## Task statement:
From the first line to the last, give the material again exactly, without the images.

=== Section Start ===

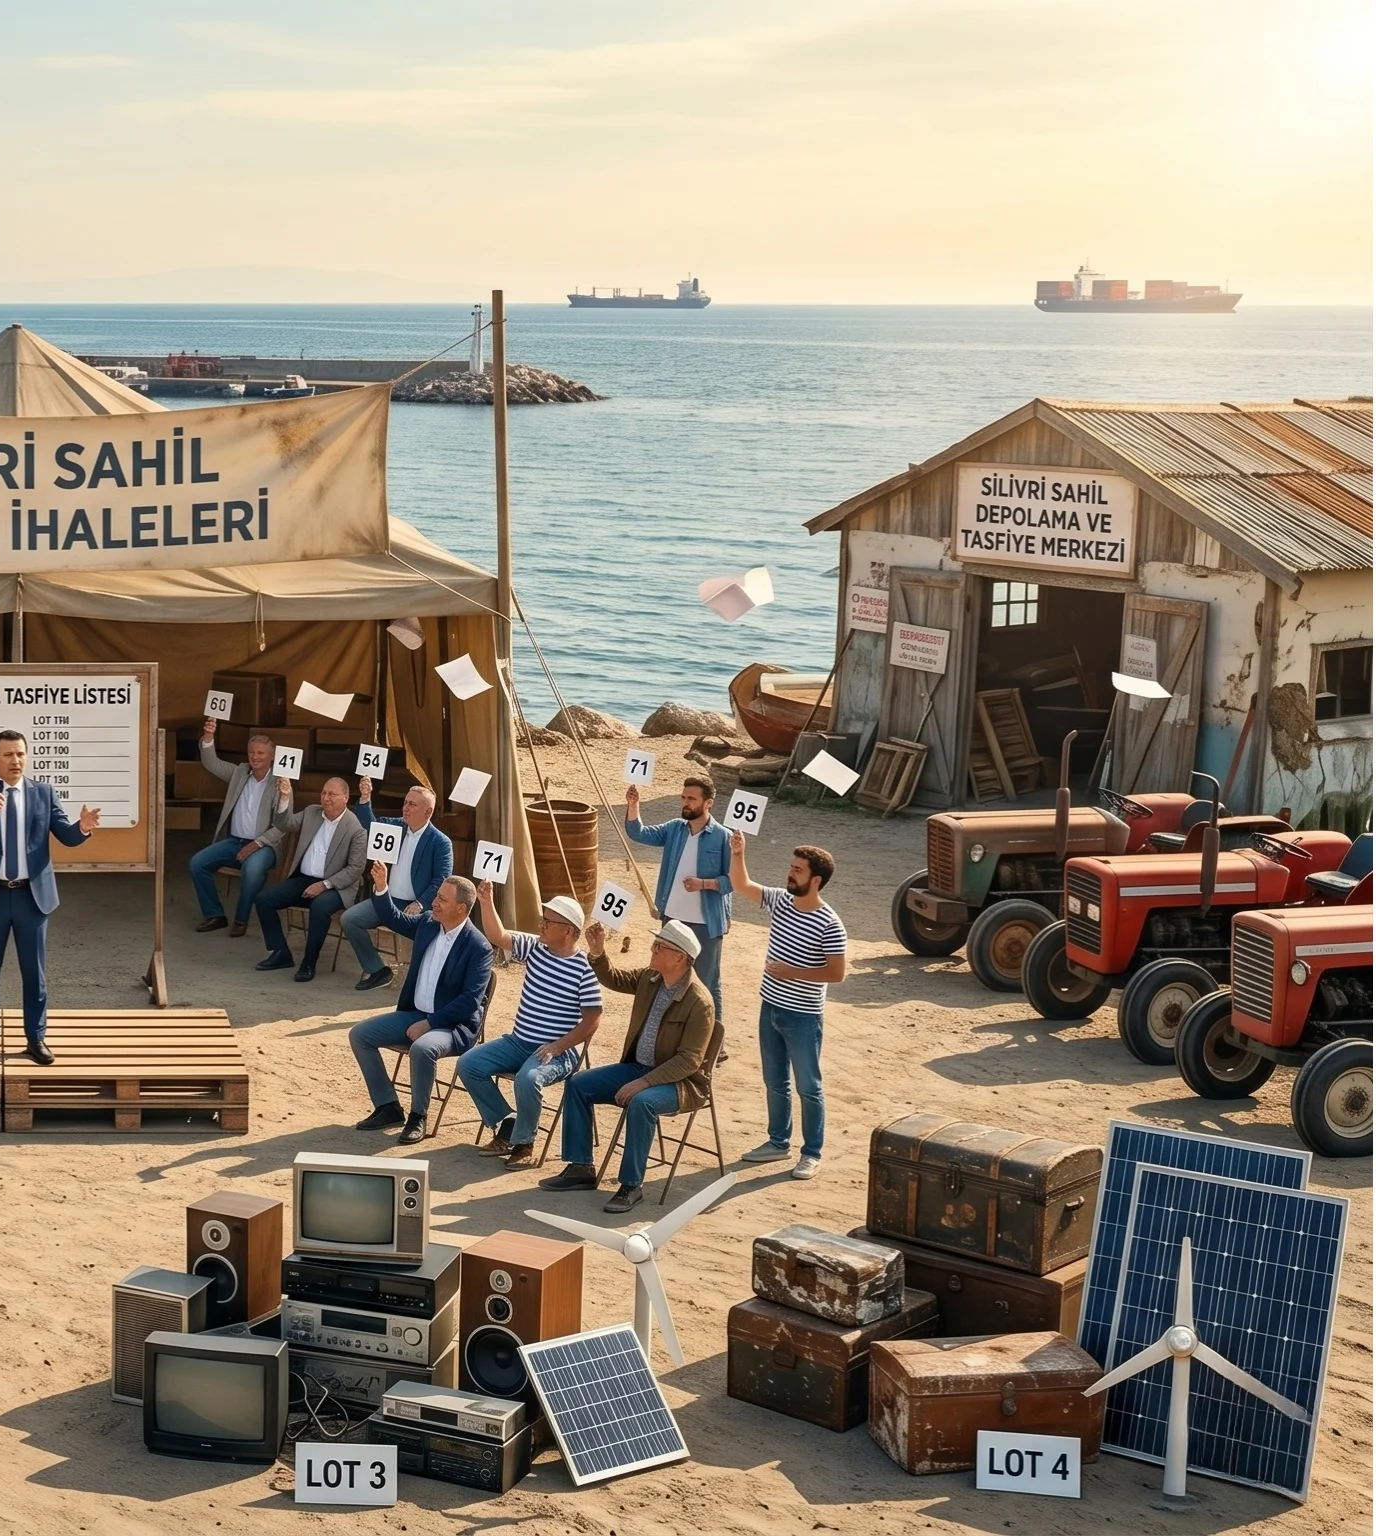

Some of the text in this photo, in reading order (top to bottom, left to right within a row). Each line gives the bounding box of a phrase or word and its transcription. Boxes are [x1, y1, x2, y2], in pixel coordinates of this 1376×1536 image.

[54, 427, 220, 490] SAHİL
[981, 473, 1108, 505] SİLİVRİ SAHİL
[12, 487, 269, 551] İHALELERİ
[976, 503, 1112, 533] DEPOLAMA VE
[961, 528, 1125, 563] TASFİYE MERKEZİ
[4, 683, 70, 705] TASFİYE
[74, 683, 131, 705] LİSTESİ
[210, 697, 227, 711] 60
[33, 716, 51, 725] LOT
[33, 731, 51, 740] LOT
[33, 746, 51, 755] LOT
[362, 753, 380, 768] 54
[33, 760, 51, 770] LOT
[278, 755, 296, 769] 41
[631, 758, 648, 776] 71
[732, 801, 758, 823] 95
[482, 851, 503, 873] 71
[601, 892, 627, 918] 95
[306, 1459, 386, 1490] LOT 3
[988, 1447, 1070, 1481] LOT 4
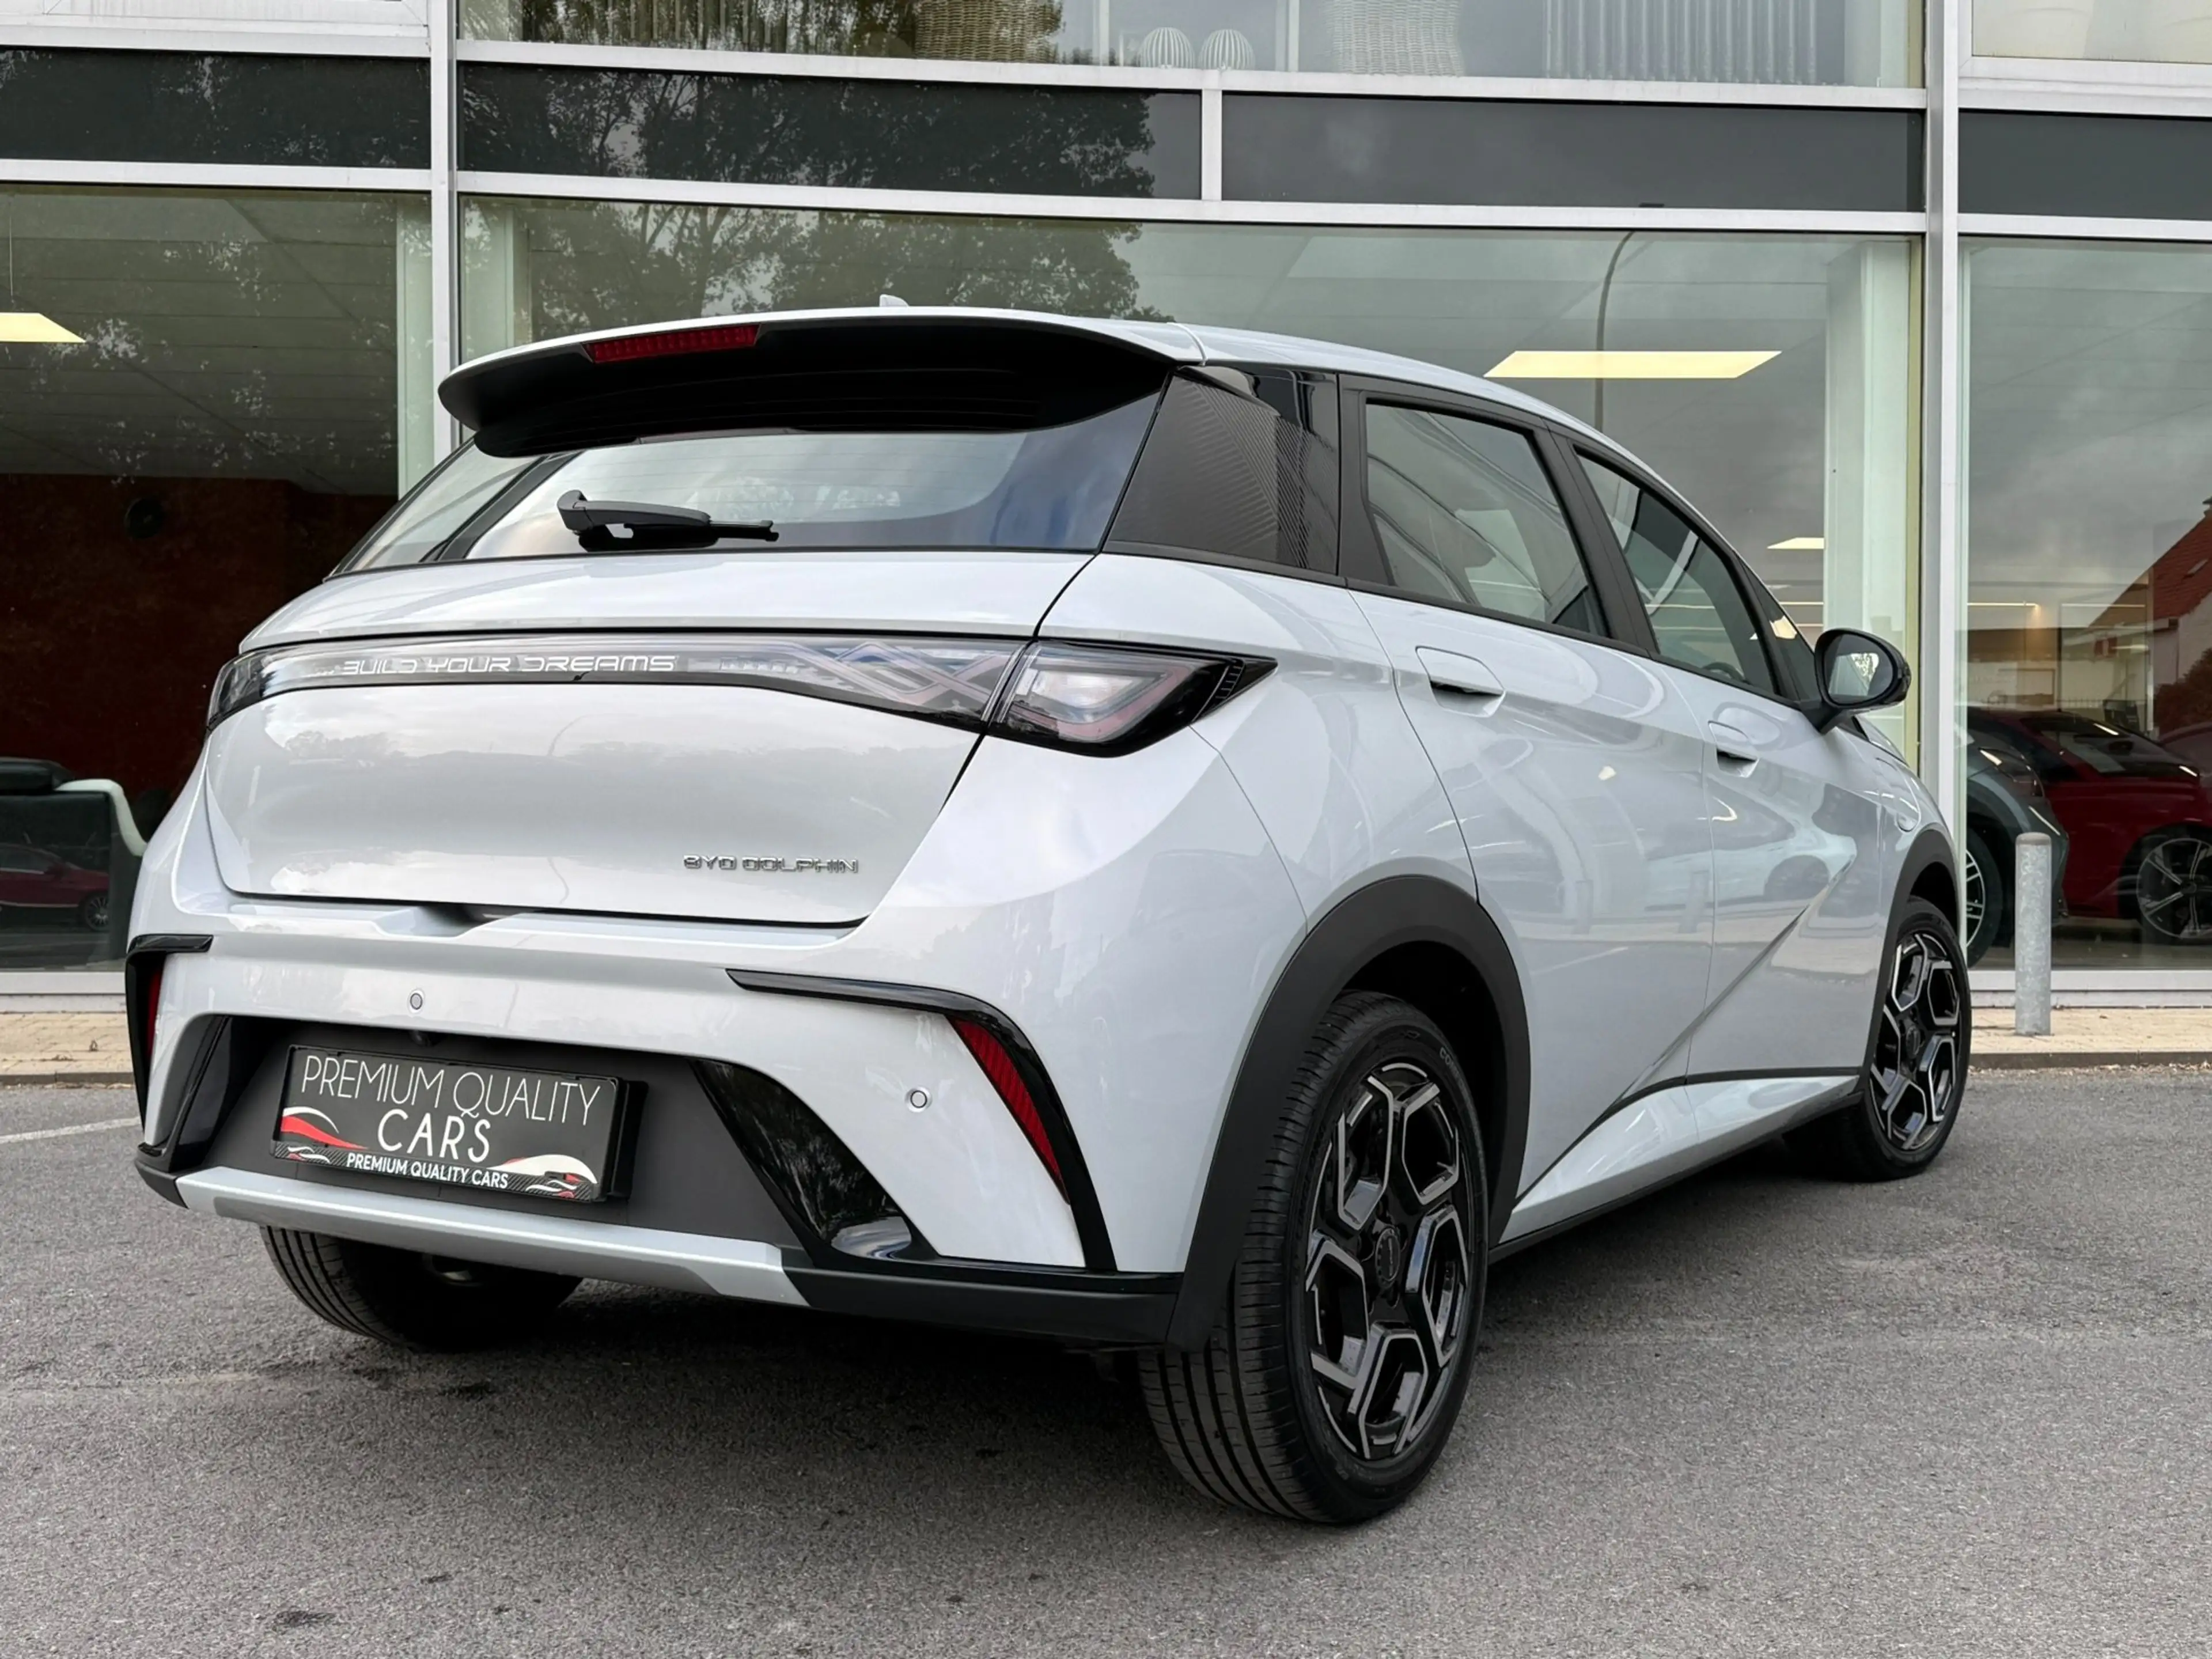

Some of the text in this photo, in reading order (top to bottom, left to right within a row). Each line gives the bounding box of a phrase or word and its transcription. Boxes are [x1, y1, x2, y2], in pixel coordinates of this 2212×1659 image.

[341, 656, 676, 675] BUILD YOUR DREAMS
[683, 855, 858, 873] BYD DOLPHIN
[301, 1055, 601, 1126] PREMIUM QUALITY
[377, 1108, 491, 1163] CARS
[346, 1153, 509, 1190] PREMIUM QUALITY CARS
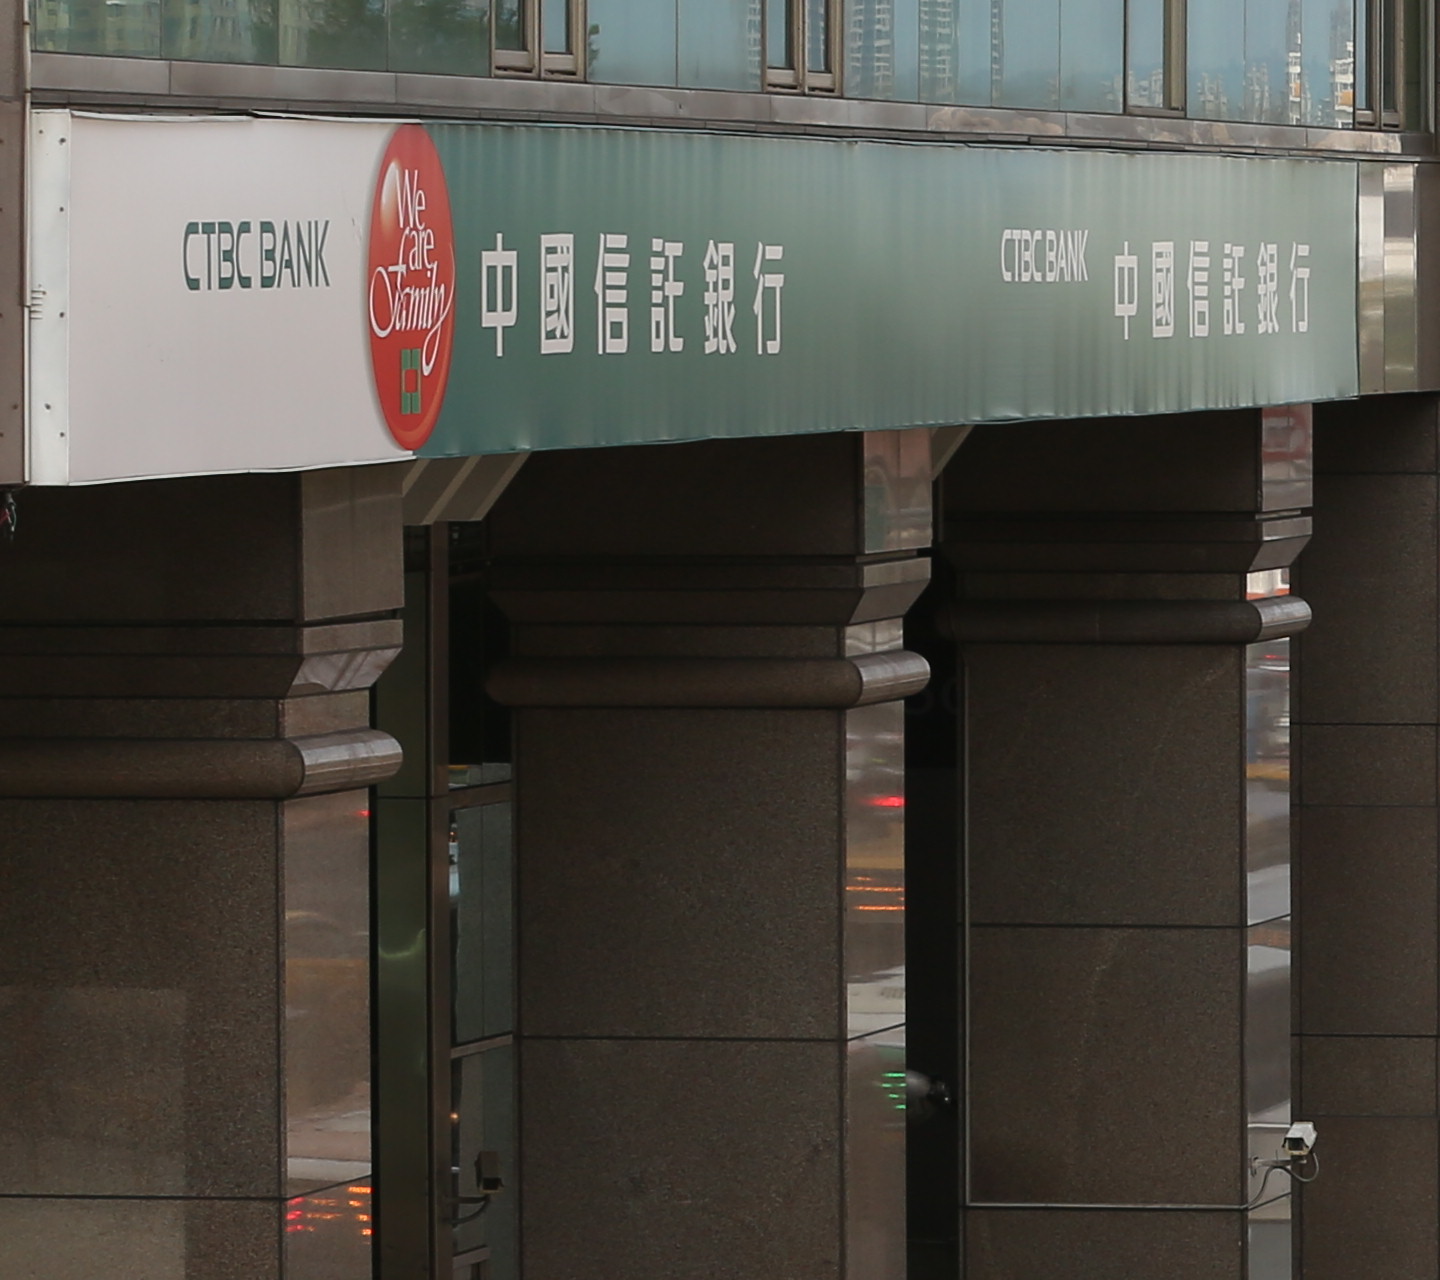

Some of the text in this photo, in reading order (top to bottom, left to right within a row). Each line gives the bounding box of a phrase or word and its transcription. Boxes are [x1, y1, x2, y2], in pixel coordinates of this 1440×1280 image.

=== Section End ===

## Result for this task:
Some of the text in this photo, in reading order (top to bottom, left to right within a row). Each line gives the bounding box of a phrase or word and its transcription. Boxes are [x1, y1, x2, y2], in pixel coordinates of this 1376×1536 image.

[54, 427, 220, 490] SAHİL
[981, 473, 1108, 505] SİLİVRİ SAHİL
[12, 487, 269, 551] İHALELERİ
[976, 503, 1112, 533] DEPOLAMA VE
[961, 528, 1125, 563] TASFİYE MERKEZİ
[4, 683, 70, 705] TASFİYE
[74, 683, 131, 705] LİSTESİ
[210, 697, 227, 711] 60
[33, 716, 51, 725] LOT
[33, 731, 51, 740] LOT
[33, 746, 51, 755] LOT
[362, 753, 380, 768] 54
[33, 760, 51, 770] LOT
[278, 755, 296, 769] 41
[631, 758, 648, 776] 71
[732, 801, 758, 823] 95
[482, 851, 503, 873] 71
[601, 892, 627, 918] 95
[306, 1459, 386, 1490] LOT 3
[988, 1447, 1070, 1481] LOT 4

Some of the text in this photo, in reading order (top to bottom, left to right within a row). Each line gives the bounding box of a phrase or word and its transcription. Boxes are [x1, y1, x2, y2], in pixel coordinates of this 2212×1659 image.

[341, 656, 676, 675] BUILD YOUR DREAMS
[683, 855, 858, 873] BYD DOLPHIN
[301, 1055, 601, 1126] PREMIUM QUALITY
[377, 1108, 491, 1163] CARS
[346, 1153, 509, 1190] PREMIUM QUALITY CARS

Some of the text in this photo, in reading order (top to bottom, left to right within a row). Each line gives the bounding box of a phrase or word and its transcription. Boxes are [x1, y1, x2, y2], in pixel coordinates of this 1440×1280 image.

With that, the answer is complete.